Em competente revisão sobre o assunto, Christoffel e Loewenthal, em 1977, discutem detalhadamente alguns sistemas de codificações/classificações dos "problemas doenças" a nível ambulatorial, sugerindo parâmetros para a utilização em prontuários e definições mais precisas dos quadros patogênicos encontrados. Ressaltam que, apesar de antiga, a idéia de se avaliarem serviços ambulatoriais não vingou como sistemática até o momento, tendo-se investido com muito mais audácia na avaliação de qualidade dos serviços hospitalares, em função do impacto desse tipo de atenção na saúde das pessoas (casos graves, internações por diagnósticos definidos) e da necessidade de correções mais rápidas nas condutas (Christoffel, T. e Loewenthal, M., 1977).

Estudando os métodos até hoje utilizados na avaliação de serviços de saúde ambulatoriais, esses autores explicitam três abordagens para o problema. Ao primeiro método chamam de abordagem estrutural (in put studies) onde se tenta focalizar a quantidade e a qualidade dos recursos alocados para a prestação dos serviços.

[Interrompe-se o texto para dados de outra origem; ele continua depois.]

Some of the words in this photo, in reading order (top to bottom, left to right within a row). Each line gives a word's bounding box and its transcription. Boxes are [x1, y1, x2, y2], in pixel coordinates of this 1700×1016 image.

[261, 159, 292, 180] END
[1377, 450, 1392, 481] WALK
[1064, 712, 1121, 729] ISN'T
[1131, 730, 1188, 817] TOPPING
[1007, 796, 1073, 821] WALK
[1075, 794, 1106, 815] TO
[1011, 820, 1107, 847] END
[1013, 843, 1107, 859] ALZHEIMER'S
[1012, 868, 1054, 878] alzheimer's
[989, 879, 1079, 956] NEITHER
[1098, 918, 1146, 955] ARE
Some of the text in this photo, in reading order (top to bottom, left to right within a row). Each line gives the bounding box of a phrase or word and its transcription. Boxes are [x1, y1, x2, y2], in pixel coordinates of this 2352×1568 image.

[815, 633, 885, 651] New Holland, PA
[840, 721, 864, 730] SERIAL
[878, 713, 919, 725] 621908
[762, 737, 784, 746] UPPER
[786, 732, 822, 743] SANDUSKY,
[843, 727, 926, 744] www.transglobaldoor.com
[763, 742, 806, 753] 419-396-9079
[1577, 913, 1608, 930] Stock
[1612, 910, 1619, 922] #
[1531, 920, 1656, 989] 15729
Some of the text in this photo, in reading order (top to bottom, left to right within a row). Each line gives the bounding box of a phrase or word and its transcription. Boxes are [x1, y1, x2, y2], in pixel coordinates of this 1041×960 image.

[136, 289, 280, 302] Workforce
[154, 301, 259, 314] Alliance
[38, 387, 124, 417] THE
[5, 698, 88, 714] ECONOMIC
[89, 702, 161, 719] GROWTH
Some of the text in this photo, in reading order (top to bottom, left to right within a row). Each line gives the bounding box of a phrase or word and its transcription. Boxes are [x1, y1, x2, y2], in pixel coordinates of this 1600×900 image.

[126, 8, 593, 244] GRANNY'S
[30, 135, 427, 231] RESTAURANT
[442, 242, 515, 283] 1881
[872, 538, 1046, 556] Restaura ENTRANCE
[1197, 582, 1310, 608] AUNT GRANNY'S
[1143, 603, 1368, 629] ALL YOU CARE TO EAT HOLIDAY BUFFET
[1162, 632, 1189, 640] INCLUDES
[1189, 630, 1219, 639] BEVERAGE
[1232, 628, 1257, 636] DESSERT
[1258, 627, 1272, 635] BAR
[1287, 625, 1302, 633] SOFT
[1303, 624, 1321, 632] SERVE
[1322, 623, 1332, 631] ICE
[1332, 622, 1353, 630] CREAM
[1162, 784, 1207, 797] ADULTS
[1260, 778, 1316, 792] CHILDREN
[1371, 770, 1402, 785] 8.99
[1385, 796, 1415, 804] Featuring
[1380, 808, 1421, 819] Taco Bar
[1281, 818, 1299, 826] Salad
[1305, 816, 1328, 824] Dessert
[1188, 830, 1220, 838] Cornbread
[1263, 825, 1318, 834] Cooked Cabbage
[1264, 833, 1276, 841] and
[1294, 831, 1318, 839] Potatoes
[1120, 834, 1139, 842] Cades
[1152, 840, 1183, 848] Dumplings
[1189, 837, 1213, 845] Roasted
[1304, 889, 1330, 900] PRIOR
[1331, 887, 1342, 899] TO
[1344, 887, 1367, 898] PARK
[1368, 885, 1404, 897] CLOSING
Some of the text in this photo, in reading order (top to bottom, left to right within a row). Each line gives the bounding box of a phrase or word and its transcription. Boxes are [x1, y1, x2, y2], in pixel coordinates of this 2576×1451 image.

Esse método tentaria relacionar esses recursos com a "qualidade" do serviço, visando avaliar a adequação dos primeiros. Um segundo grupo de estudos visa estudar o processo de prestação de serviços, tentando aferir como os recursos são utilizados. Estes estudos partiriam do suposto que se as atividades adequadas são realizadas então os resultados serão os melhores possíveis (Christoffel, T. e Loewenthal, M., 1977). Pressupõem utilização prévia de protocolos de atendimentos e padronizações de condutas (interferência a priori no processo, para garantir resultados). O terceiro método teria como objetivo a gama de resultados conseguidos a partir da atuação dos serviços (out come studies). Utilizam-se de parâmetros e variáveis que mediriam o impacto do serviço a nível da melhora do estado de saúde dos usuários. Analisam parâmetros tais como mortalidade, morbidade, tempo de permanência no serviço, complicações de terapêuticas; satisfação com o cuidado recebido; incapacidade; estado funcional; mudanças de expectativa de vida; adequação social etc. Nessa linha de estudos de resultados, Willianson, em 1971, propôs a utilização do que chamou de "tópicos de auditoria" (audit topics), tentando restringir e qualificar o número de variações a partir, por exemplo, da avaliação de uma patologia passível de padronização nos seus aspectos diagnósticos e terapêuticos, como a infecção do trato urinário (Willianson, J. W., 1971). O mesmo raciocínio é percorrido por Schroeder, em 1976, quando propõe análise do que chama de "marcadores" (tracers), que seriam o reflexo da atuação do serviço (Schroeder, S. A. e Donaldson, M. S., 1976).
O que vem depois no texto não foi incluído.